Recipe by: Kirsten Tibballs
Swiss Meringue Discs & Kisses
- Heat the caster sugar and egg white together to 60°C in a mixing bowl over a Bain Marie.
- Remove from the heat and mix in the bowl of a stand mixer with the whisk attachment to create a meringue.
- Fold through the sieved icing sugar and cornflour.
- Divide this mixture in half and place in separate bowls.
- Add the coconut and almonds to the meringue in one bowl and mix together. This mixture will create the discs, the other meringue is for the kisses.
- Trace circles in graduating sizes (2cm, 4cm, 6cm, 8cm, 10cm, 12cm, 14cm, 16cm and 18cm) onto a piece of baking paper that fits your tray. Trace two in each size.
- Spray some vegetable oil onto a tray. Flip the baking paper over and place it onto the greased tray.
- Transfer the meringue with the coconut and almonds into a piping bag fitted with a 10mm round nozzle. Pipe discs using the marked circles as a guide.
- Bake in the oven at 75˚C for 2 hours. If it is not crunchy or dried enough, bake further.
- To make the kisses, transfer the remaining meringue to a piping bag fitted with a 10mm round nozzle. Set aside some of the meringue to add colour to.
- Grease a tray with vegetable oil and place a sheet of baking paper on top.
- Pipe the kisses shape onto the baking paper, you should have approximately 230-250.
- Divide the remaining meringue into 3 bowls. Add a drop of colour to each bowl and mix with a spatula. Add more colour until you achieve the desired shade.
- Pipe the coloured meringue onto a sheet of baking paper on a greased tray. You should have approximately 15-20 kisses in each colour (red, yellow and green).
- Bake in the oven at 75˚C for 2 hours.
- Allow to cool.
- Boil the cream (A), caster sugar and honey together then pour over the roughly chopped dark chocolate and whisk to combine.
- Place the cream (B) into a bowl and semi-whip it until it has some body but still collapses.
- Fold the semi-whipped cream through the chocolate base with a spoon until combined.
- Cut the raspberries in half.
- Transfer the chocolate mousse to a piping bag fitted with a 10mm round nozzle.
- Prepare a cake board and pipe some of the chocolate mousse onto the board and place the largest meringue disc (18cm) on top of the board.
- Pipe a swirl of mousse on top of the disc.
- Place a few of the halved raspberries on top of the mousse.
- Add another 18cm disc on top.
- Add another layer of mousse and sprinkle some raspberries on top.

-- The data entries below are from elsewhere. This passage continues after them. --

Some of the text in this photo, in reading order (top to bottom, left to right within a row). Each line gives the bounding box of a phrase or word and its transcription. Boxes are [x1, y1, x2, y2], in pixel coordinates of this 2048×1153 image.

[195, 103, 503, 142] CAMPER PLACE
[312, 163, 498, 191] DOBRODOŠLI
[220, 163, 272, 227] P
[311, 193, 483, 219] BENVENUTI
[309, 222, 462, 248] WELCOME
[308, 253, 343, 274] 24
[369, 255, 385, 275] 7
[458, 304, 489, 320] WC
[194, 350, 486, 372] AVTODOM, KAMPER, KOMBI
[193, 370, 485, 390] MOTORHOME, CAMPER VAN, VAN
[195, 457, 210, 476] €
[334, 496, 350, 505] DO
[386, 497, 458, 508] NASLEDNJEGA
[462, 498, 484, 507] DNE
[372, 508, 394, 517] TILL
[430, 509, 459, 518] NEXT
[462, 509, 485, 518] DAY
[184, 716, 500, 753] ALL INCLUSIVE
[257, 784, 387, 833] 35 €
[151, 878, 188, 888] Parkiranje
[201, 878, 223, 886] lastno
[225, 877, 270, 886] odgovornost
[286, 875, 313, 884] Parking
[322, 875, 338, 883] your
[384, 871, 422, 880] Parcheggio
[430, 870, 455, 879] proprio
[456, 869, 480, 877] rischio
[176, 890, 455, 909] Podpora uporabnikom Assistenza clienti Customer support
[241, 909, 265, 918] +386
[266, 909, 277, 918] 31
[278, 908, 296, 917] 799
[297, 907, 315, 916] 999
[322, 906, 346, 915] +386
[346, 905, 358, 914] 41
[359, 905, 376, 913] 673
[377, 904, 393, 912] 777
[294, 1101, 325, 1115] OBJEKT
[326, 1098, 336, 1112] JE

Place the 16cm disc on top.
- Repeat this method until you complete the tree with the 2cm disc. While you are building the tree, ensure it is straight and not leaning to one side.
- Pipe a thin layer of mousse over the tree, in lines going from the bottom to the top of the tree.
- Assemble the kisses from the bottom of the tree, starting with the white and randomly adding a coloured one as you go.